I'm sure many of you will recognize the tales of The Town Mouse and the Country Mouse, The Lion and The Mouse, and everyone's favorite -- The Hare and the Tortoise.
Since author's life and the history of Aesops fables is scant, I've taken and paraphrased some of the information found in the book: Aesop's Fables: A New Revised Version From Original Sources by Harrison Weir, John Tenniel, Ernest Griset, and Others (1884).
To begin, Aesop's original birthplace is unknown. In fact, many locations claim the distinction of being his rightful birthplace:
- Samos, a Greek island;
- Mesembria, an ancient colony in Thrace;
- Sardis, the capital of Lydia;
- and Cotiæum, the chief city of a province in Phrygia.
Although his actual place of birth can not be pinned down, scholars now generally accept certain facts about the birth, life and death of Aesop.
By almost universal consent, it is agreed that he was born about the year 620 B.C. and was most certainly born a slave. He was owned by two masters in succession, Xanthus and Jadmon, both inhabitants of Samos. It was Jadmon who granted Aesop his liberty as a reward for his learning and wit.
Once free, he traveled through many countries due to his desire to learn and teach. He eventually came to Sardis, the capital of Lydia. At court, he met the great king, Croesus. He also conversed with the philosophers Solon, Thales and other sages, which impressed the king greatly.
Through the direct invitation Crœsus, Aesop settled in Sardis. He was employed by the monarch in various difficult and delicate affairs of state, where his duties required that he visit the different petty republics of Greece. He often used his wise stories to help reconcile the arguments between the inhabitants of these different cities.
Unfortunately, the history of Aesops Fables doesn't have a happy ending for the author. On his last ambassadorial mission was to the city of Delphi.

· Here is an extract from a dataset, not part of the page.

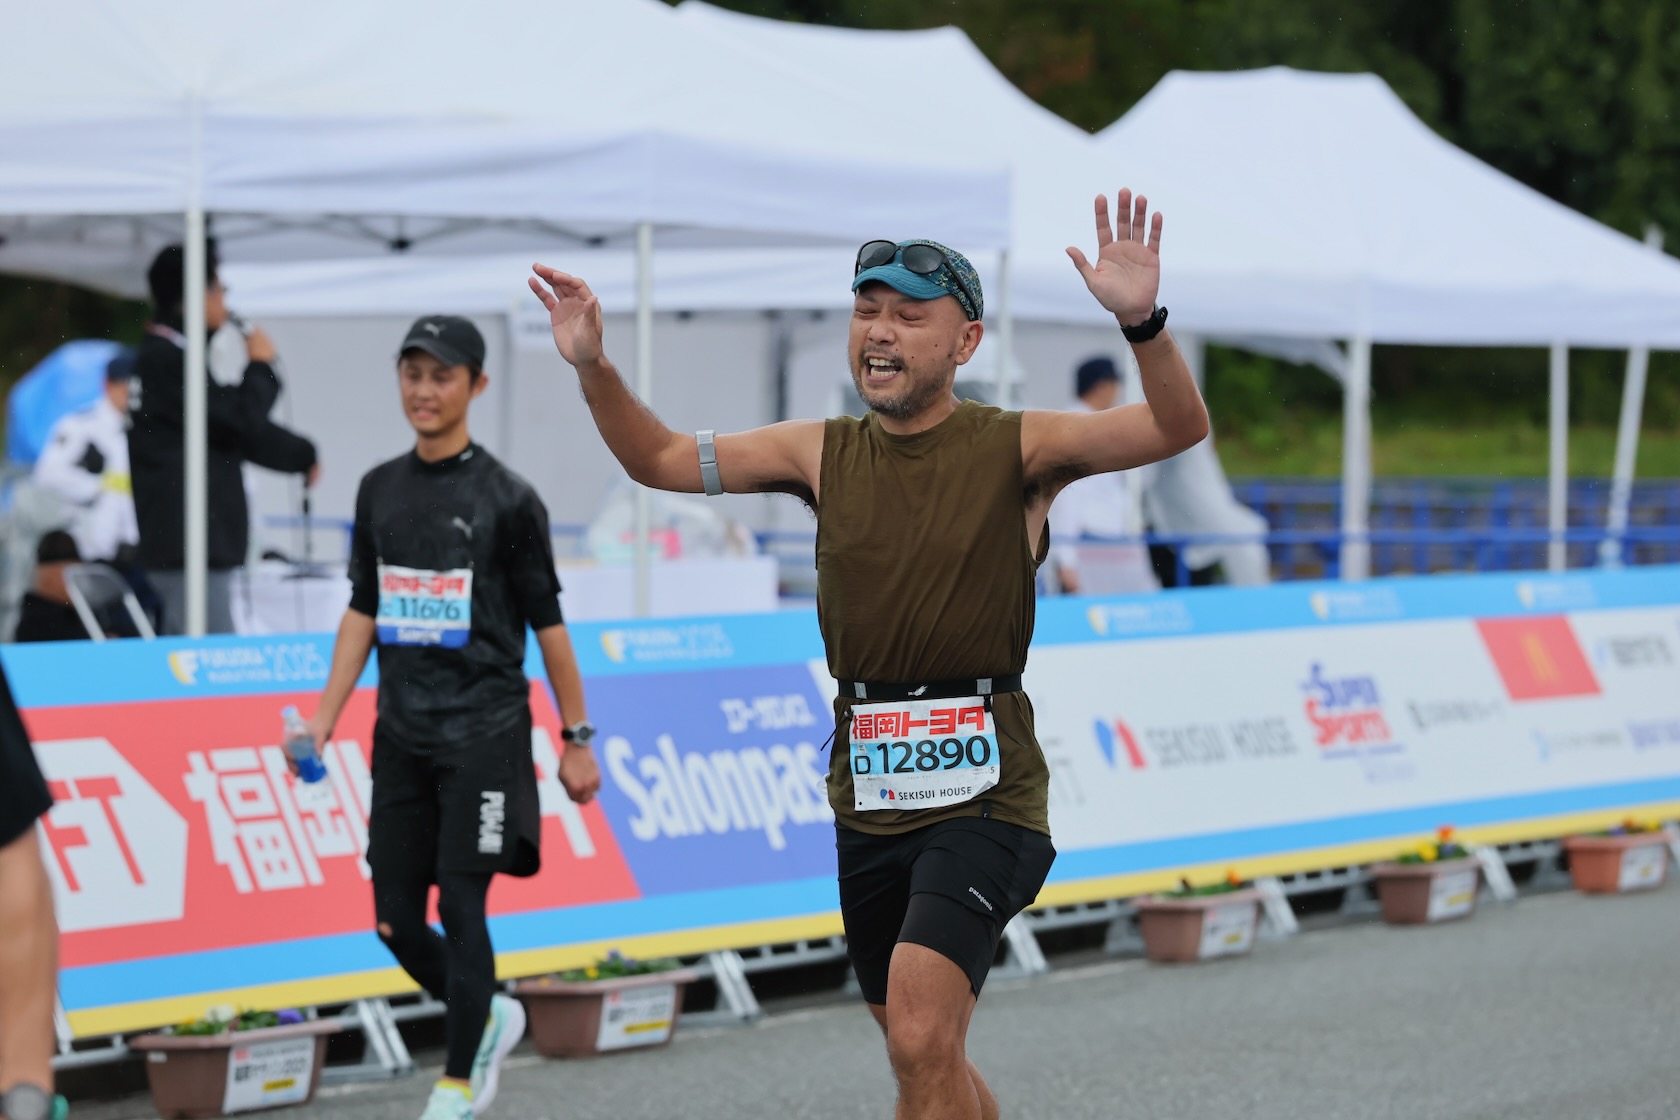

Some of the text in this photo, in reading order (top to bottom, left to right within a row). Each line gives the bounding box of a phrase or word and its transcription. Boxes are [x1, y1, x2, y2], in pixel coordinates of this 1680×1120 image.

[852, 705, 985, 740] 福岡トヨタ
[854, 735, 991, 775] D 12890
[898, 786, 972, 801] SEKISUI HOUSE
[968, 886, 993, 912] patagonia

He was sent with a large sum of gold to distribute among the citizens. He was so provoked at their greediness that he refused to divide the money, and sent it back to his master. The Delphians, enraged at this treatment, accused him of impiety, and, in spite of his sacred character as ambassador, executed him as a public criminal.
This cruel death of Aesop did not go unavenged. The citizens of Delphi were visited with a series of calamities, until they made a public reparation of their crime; and "The blood of Aesop" became a well-known adage, bearing witness to the truth that deeds of wrong would not pass unpunished. Interestingly enough, many of the morals of Aesop's tales reflected on how wrong-doing can end in disaster. It was like he had the last word after all.
A statue was erected to his memory at Athens, the work of Lysippus, one of the most famous of Greek sculptors.
These few Aesop facts are all that can be relied on with any degree of certainty, in reference to the history of Aesops Fables. What we do know is that the influence of these moral tales has had a wide impact on how we live our lives. These stories been retold time and again due to their wonderful teaching of morals, especially for children.